Stored dataset items:
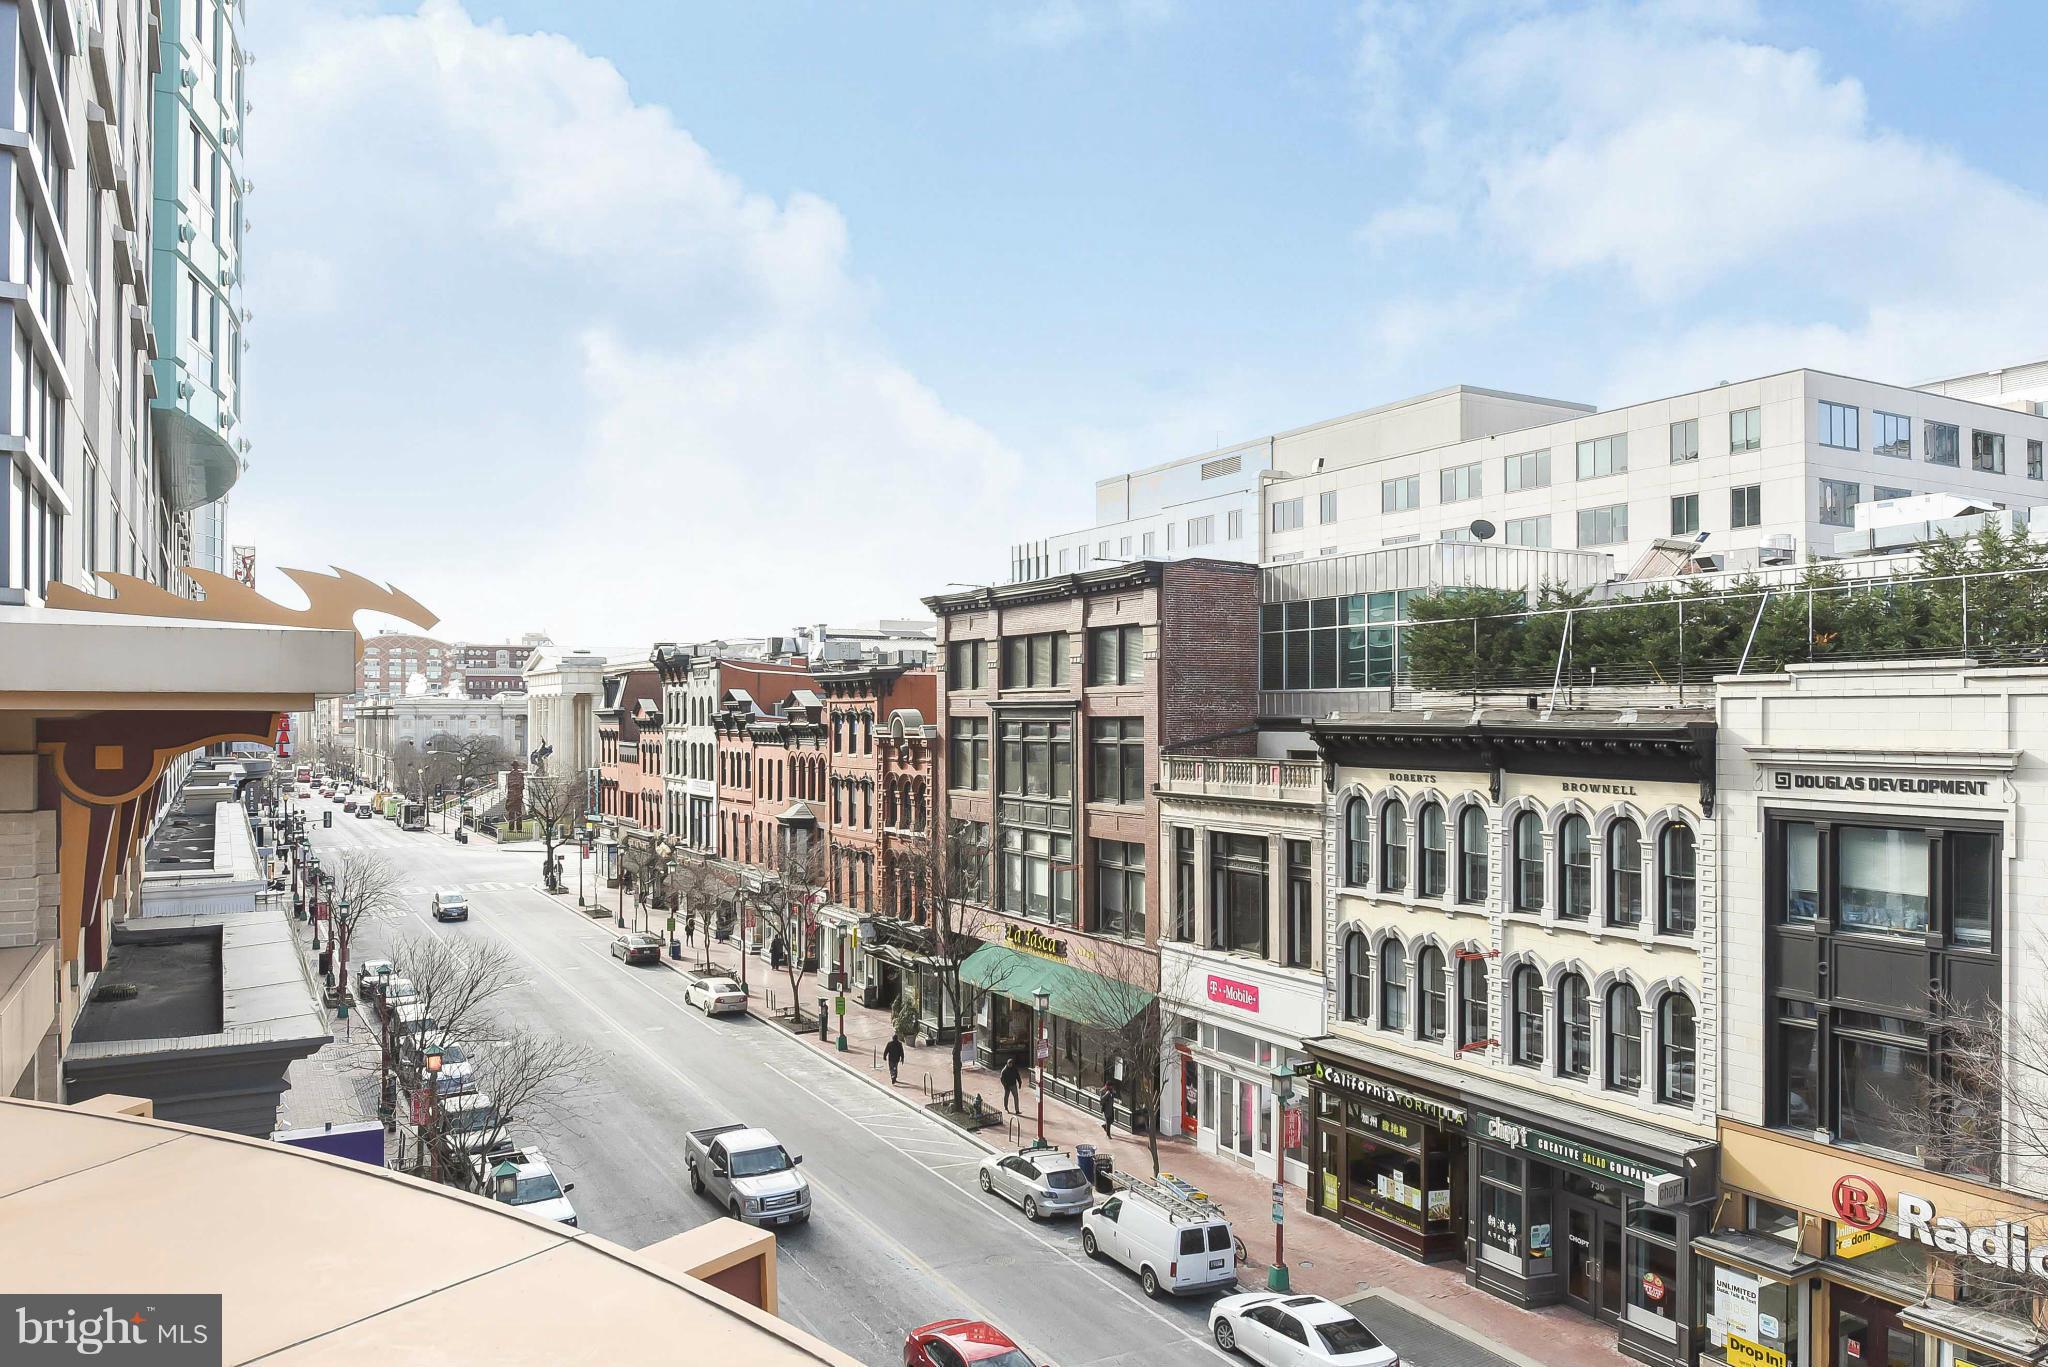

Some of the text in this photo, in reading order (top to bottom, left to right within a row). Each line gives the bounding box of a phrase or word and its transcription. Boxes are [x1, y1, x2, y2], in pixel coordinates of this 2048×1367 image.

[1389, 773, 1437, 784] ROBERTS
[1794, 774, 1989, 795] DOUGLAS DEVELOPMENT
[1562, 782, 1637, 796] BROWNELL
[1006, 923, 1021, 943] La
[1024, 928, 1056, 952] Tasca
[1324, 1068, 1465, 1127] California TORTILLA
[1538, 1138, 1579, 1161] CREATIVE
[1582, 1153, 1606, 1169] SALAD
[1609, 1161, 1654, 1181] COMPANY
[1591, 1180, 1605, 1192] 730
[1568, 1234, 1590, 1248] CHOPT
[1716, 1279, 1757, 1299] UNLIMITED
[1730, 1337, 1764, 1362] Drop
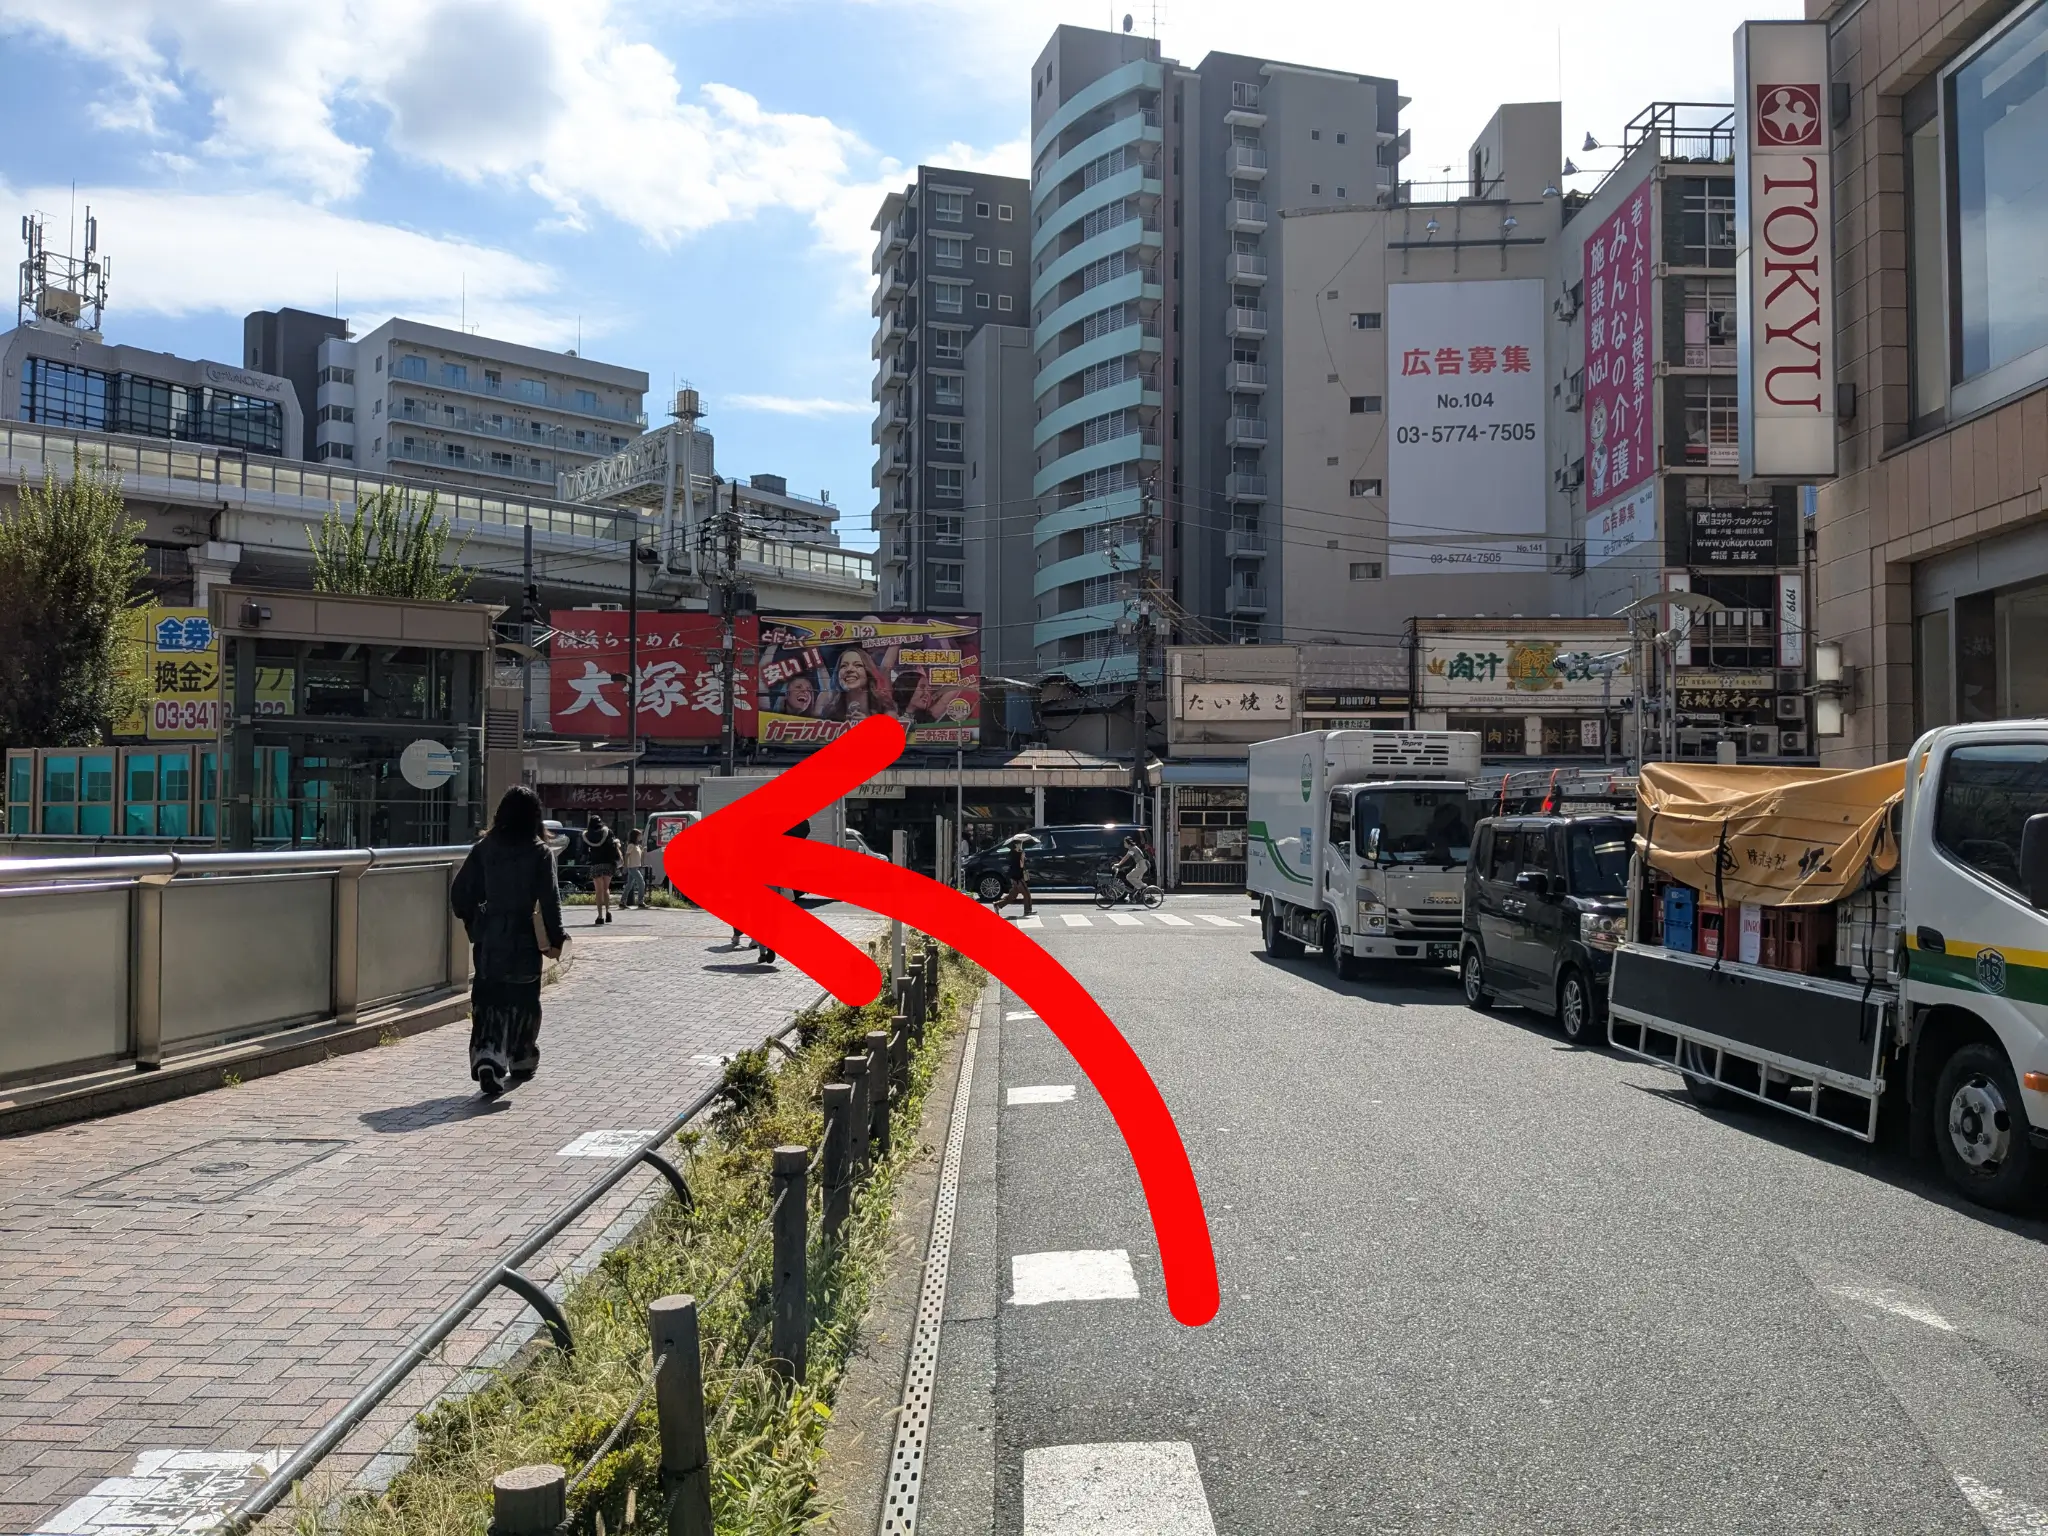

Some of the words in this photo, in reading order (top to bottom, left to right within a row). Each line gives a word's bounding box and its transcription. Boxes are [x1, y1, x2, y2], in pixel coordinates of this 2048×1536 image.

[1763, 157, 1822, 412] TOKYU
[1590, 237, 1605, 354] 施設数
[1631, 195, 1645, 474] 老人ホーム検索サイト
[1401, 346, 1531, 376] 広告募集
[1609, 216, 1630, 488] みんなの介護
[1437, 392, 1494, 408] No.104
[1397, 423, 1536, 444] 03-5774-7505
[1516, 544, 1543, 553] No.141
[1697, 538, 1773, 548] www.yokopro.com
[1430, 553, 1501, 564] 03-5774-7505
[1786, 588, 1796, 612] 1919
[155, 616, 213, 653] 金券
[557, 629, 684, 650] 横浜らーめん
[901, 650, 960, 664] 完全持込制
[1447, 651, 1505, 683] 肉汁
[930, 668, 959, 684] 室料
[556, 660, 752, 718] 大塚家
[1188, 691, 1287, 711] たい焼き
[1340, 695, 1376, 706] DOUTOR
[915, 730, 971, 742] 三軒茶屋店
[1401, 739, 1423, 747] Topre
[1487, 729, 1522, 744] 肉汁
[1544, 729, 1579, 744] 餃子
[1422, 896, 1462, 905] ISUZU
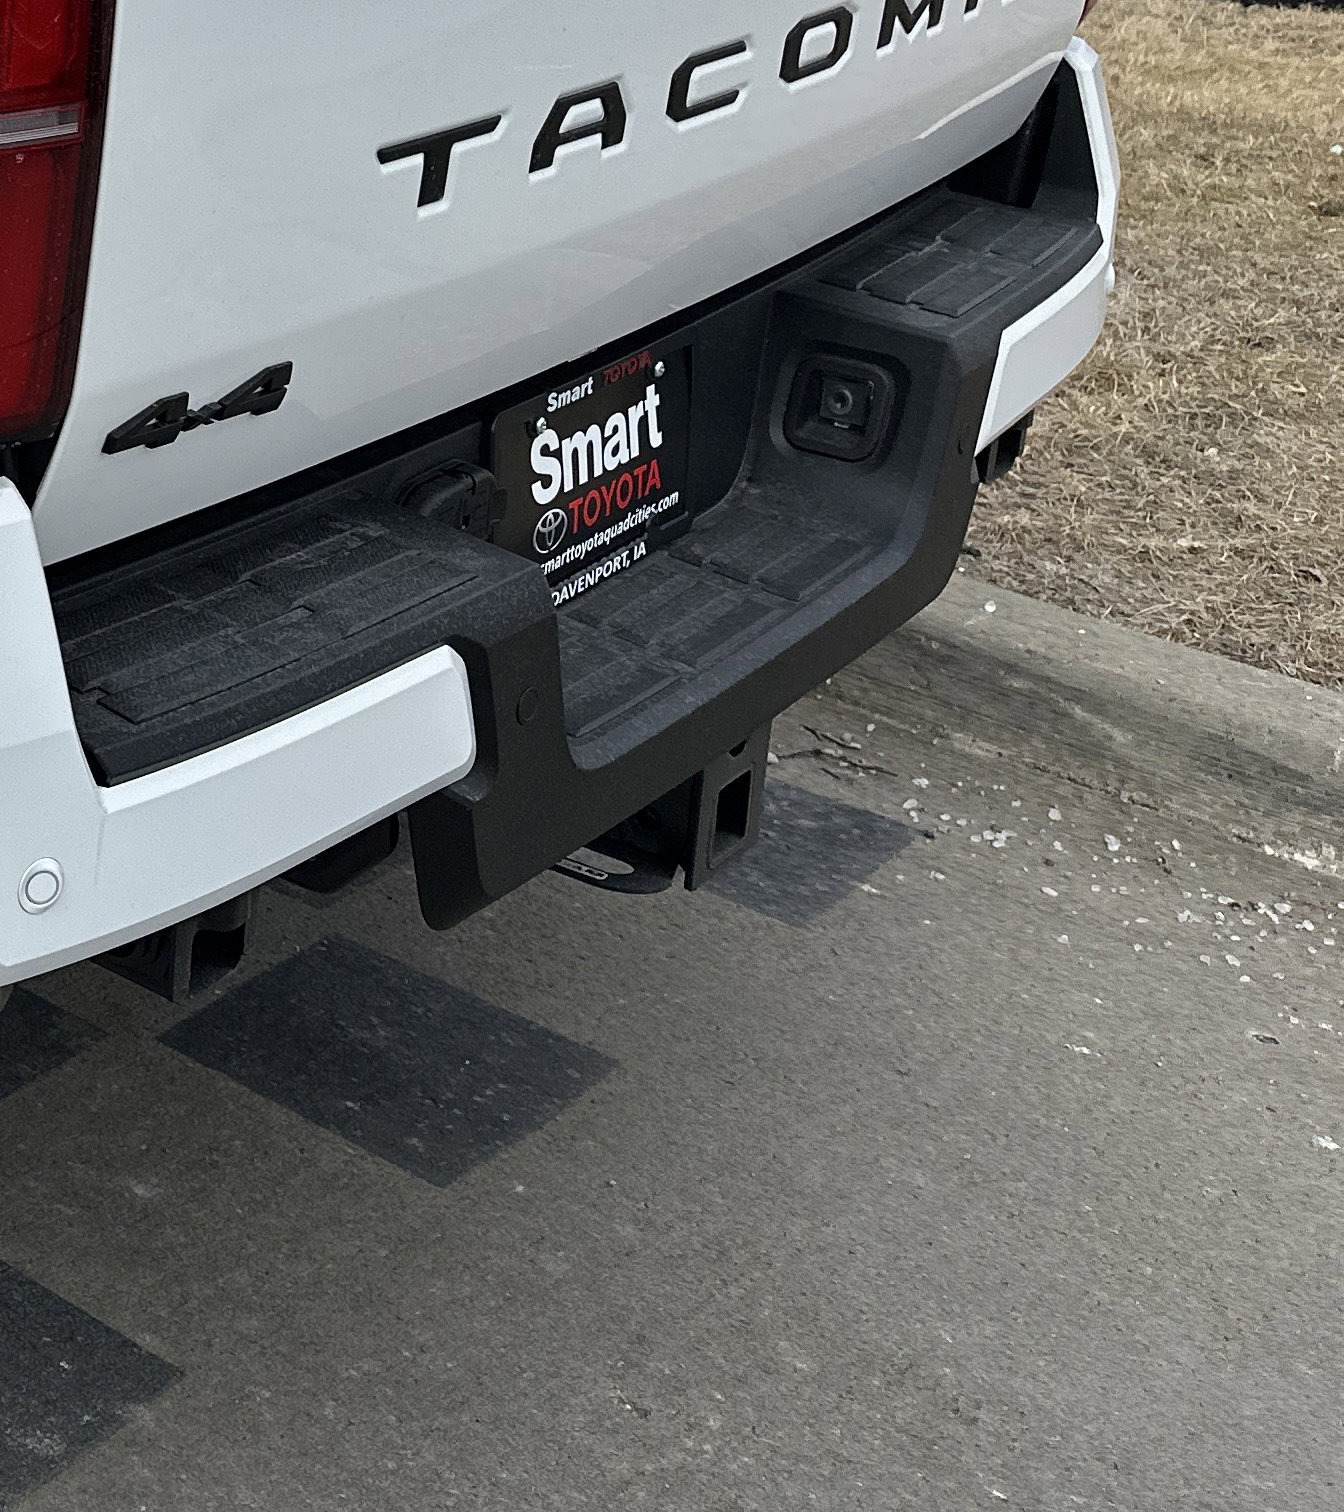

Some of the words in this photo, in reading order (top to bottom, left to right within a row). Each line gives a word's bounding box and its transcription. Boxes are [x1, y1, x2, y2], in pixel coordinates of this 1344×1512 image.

▶ What you are asked to do:
Leaving the pictures aside, repeat the data above exactly.

▶ Solution to the exercise:
Some of the text in this photo, in reading order (top to bottom, left to right within a row). Each line gives the bounding box of a phrase or word and its transcription. Boxes are [x1, y1, x2, y2], in pixel coordinates of this 2048×1367 image.

[1389, 773, 1437, 784] ROBERTS
[1794, 774, 1989, 795] DOUGLAS DEVELOPMENT
[1562, 782, 1637, 796] BROWNELL
[1006, 923, 1021, 943] La
[1024, 928, 1056, 952] Tasca
[1324, 1068, 1465, 1127] California TORTILLA
[1538, 1138, 1579, 1161] CREATIVE
[1582, 1153, 1606, 1169] SALAD
[1609, 1161, 1654, 1181] COMPANY
[1591, 1180, 1605, 1192] 730
[1568, 1234, 1590, 1248] CHOPT
[1716, 1279, 1757, 1299] UNLIMITED
[1730, 1337, 1764, 1362] Drop

Some of the words in this photo, in reading order (top to bottom, left to right within a row). Each line gives a word's bounding box and its transcription. Boxes are [x1, y1, x2, y2], in pixel coordinates of this 2048×1536 image.

[1763, 157, 1822, 412] TOKYU
[1590, 237, 1605, 354] 施設数
[1631, 195, 1645, 474] 老人ホーム検索サイト
[1401, 346, 1531, 376] 広告募集
[1609, 216, 1630, 488] みんなの介護
[1437, 392, 1494, 408] No.104
[1397, 423, 1536, 444] 03-5774-7505
[1516, 544, 1543, 553] No.141
[1697, 538, 1773, 548] www.yokopro.com
[1430, 553, 1501, 564] 03-5774-7505
[1786, 588, 1796, 612] 1919
[155, 616, 213, 653] 金券
[557, 629, 684, 650] 横浜らーめん
[901, 650, 960, 664] 完全持込制
[1447, 651, 1505, 683] 肉汁
[930, 668, 959, 684] 室料
[556, 660, 752, 718] 大塚家
[1188, 691, 1287, 711] たい焼き
[1340, 695, 1376, 706] DOUTOR
[915, 730, 971, 742] 三軒茶屋店
[1401, 739, 1423, 747] Topre
[1487, 729, 1522, 744] 肉汁
[1544, 729, 1579, 744] 餃子
[1422, 896, 1462, 905] ISUZU

Some of the words in this photo, in reading order (top to bottom, left to right within a row). Each line gives a word's bounding box and its transcription. Boxes are [x1, y1, x2, y2], in pixel coordinates of this 1344×1512 image.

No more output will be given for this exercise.